½ cup fresh grated parmesan cheese
2 tablespoons almond flour (or brown rice flour)
1 egg
1 teaspoon sea salt
1 teaspoon pepper
To top:
Clean ingredient tomato sauce (I love the Montibello brand), homemade tomato sauce or clean pesto
Other toppings of your choice: roasted red peppers or sun-dried tomatoes, pre-cooked organic sausage, organic mozzarella, parmesan, feta or goat cheese, olives, etc. I used all pre-cooked toppings to keep the cooking time short.
Preheat oven to 450. Line a baking sheet with parchment paper. In a powerful blender or food processor, add cauliflower florets and blend until smooth. Don’t over process it, but blend enough so that you no longer have any big pieces visible.
Place the pulsed cauliflower in the middle of a clean dish towel. Wrap it up, and squeeze as much moisture out of it as you can. There will be a lot!

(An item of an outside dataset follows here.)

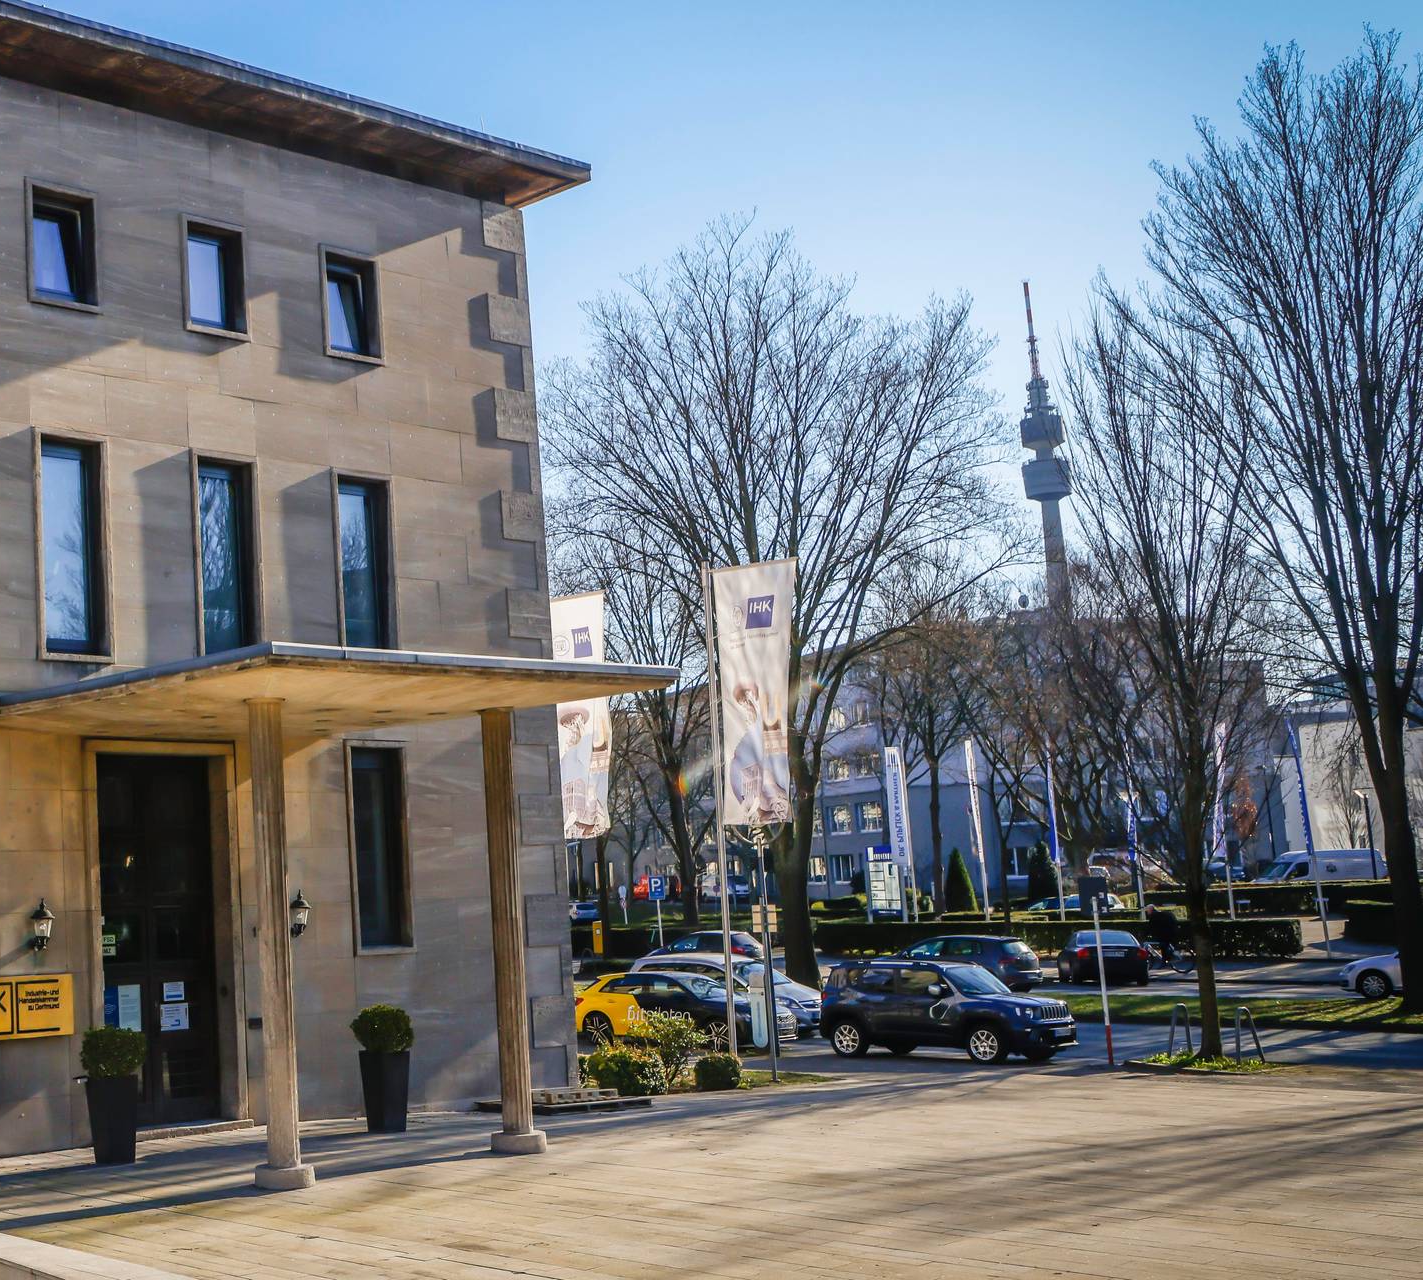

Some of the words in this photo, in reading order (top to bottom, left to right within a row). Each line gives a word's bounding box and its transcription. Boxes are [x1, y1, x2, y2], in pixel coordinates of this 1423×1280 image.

Open the towel and place the cauliflower in a mixing bowl. Add parmesan, almond flour, egg and spices and mix together. Combine it into a ball. With your hands, flatten into an even crust on the baking sheet. Bake for 15-20 min (depending on your oven), until it starts to brown.
Remove from heat, add your sauce and toppings, and place back in the oven until done (approximately 5 minutes if you pick topping that are already pre-cooked). Broil at the end to brown the cheese for a great presentation.

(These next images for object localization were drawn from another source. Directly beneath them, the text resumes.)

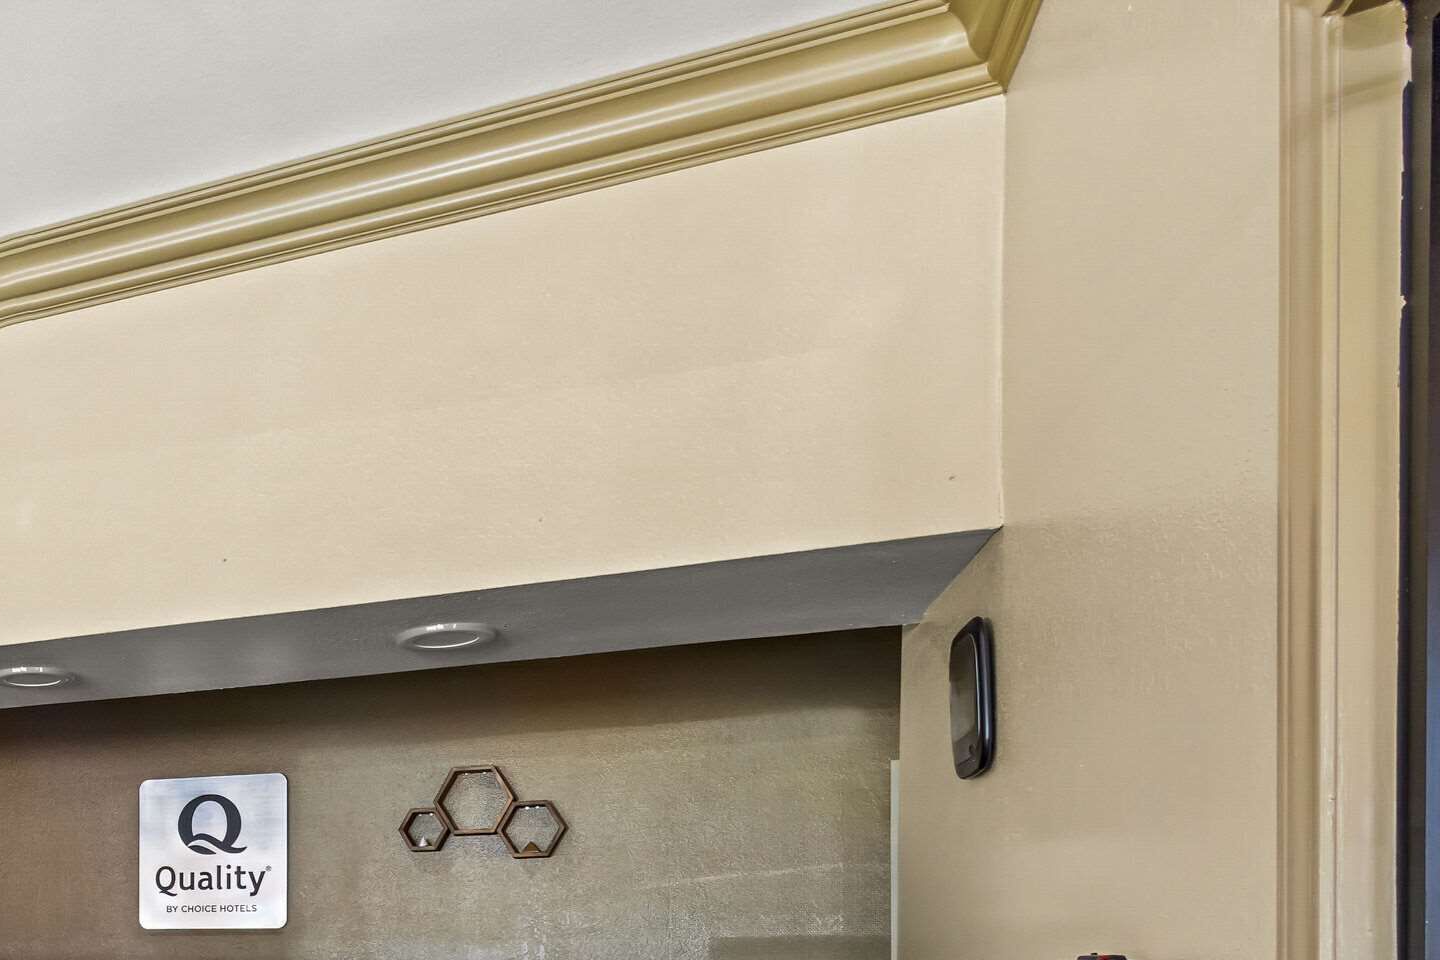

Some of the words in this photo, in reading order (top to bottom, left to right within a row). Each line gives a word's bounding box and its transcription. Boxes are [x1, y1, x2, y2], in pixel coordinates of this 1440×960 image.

[178, 794, 247, 855] Q
[155, 864, 266, 897] Quality
[166, 905, 178, 913] BY
[181, 904, 217, 913] CHOICE
[220, 904, 257, 912] HOTELS
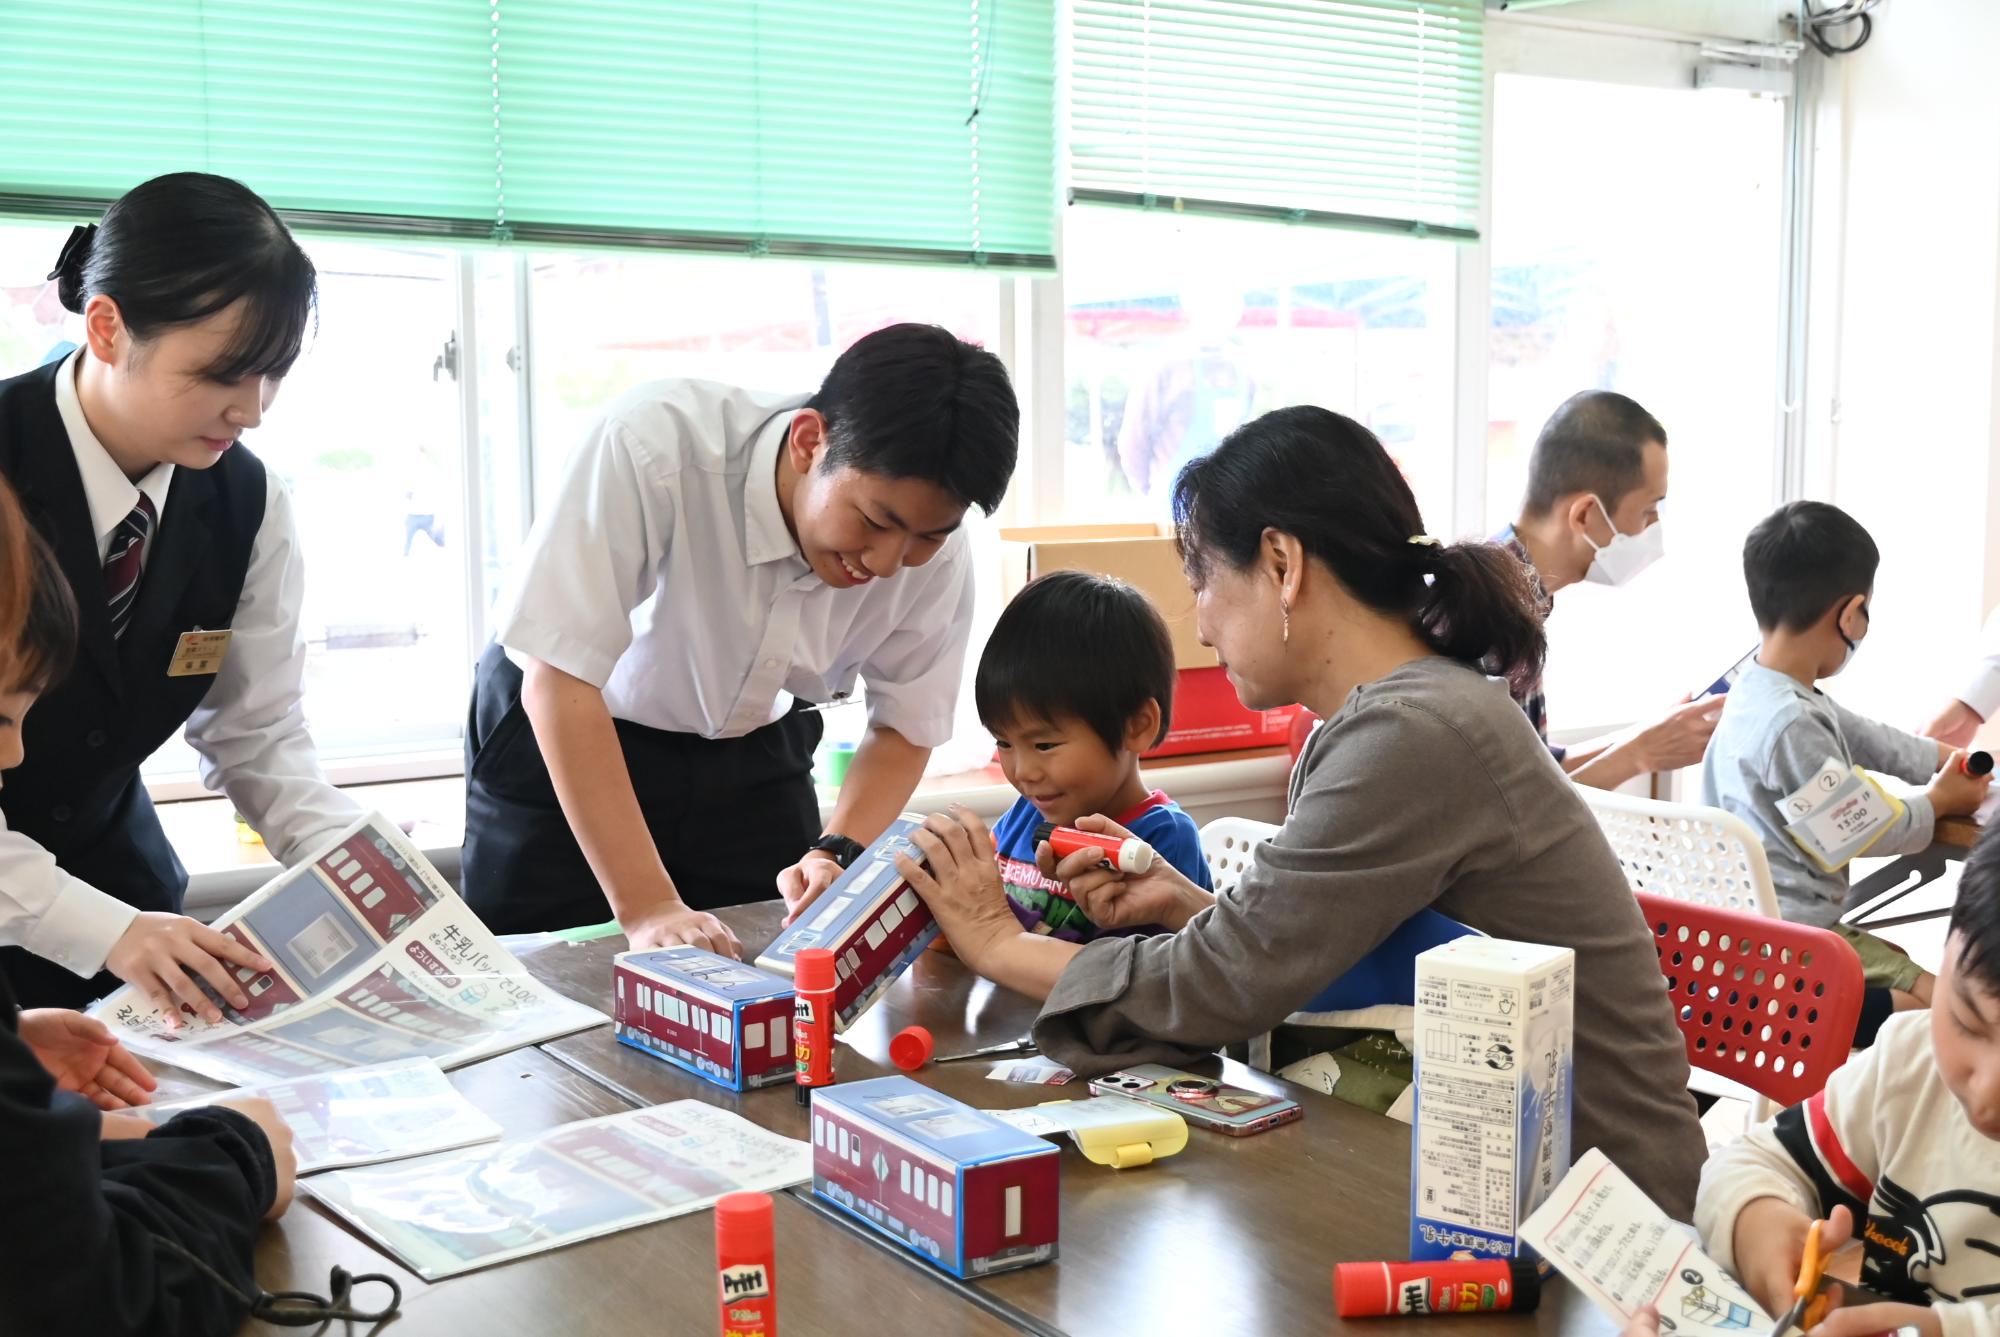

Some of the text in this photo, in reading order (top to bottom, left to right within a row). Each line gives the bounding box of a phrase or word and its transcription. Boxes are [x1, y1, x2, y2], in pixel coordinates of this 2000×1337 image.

[1419, 1224, 1512, 1256] 成分無調整牛乳
[723, 1270, 762, 1294] Pritt

Love this recipe? You’d love the cookbook then too. And be sure to check out the brand new Food Academy, now open for enrollment, and the seasonal meal plans!
Melinda Burdo says
Super great idea Sarah!
Sarah Adler of Simply Real Health says
Thanks Melinda- glad you like!
Lauren says
I have made a very similar recipe. It is my absolute favorite! Thanks for sharing.
Sarah Adler of Simply Real Health says
You’re welcome Lauren. Glad you loved it!
Joel Swanson says
Looks good Sarah! I will have to try this out tonite. Thanks for sharing this also.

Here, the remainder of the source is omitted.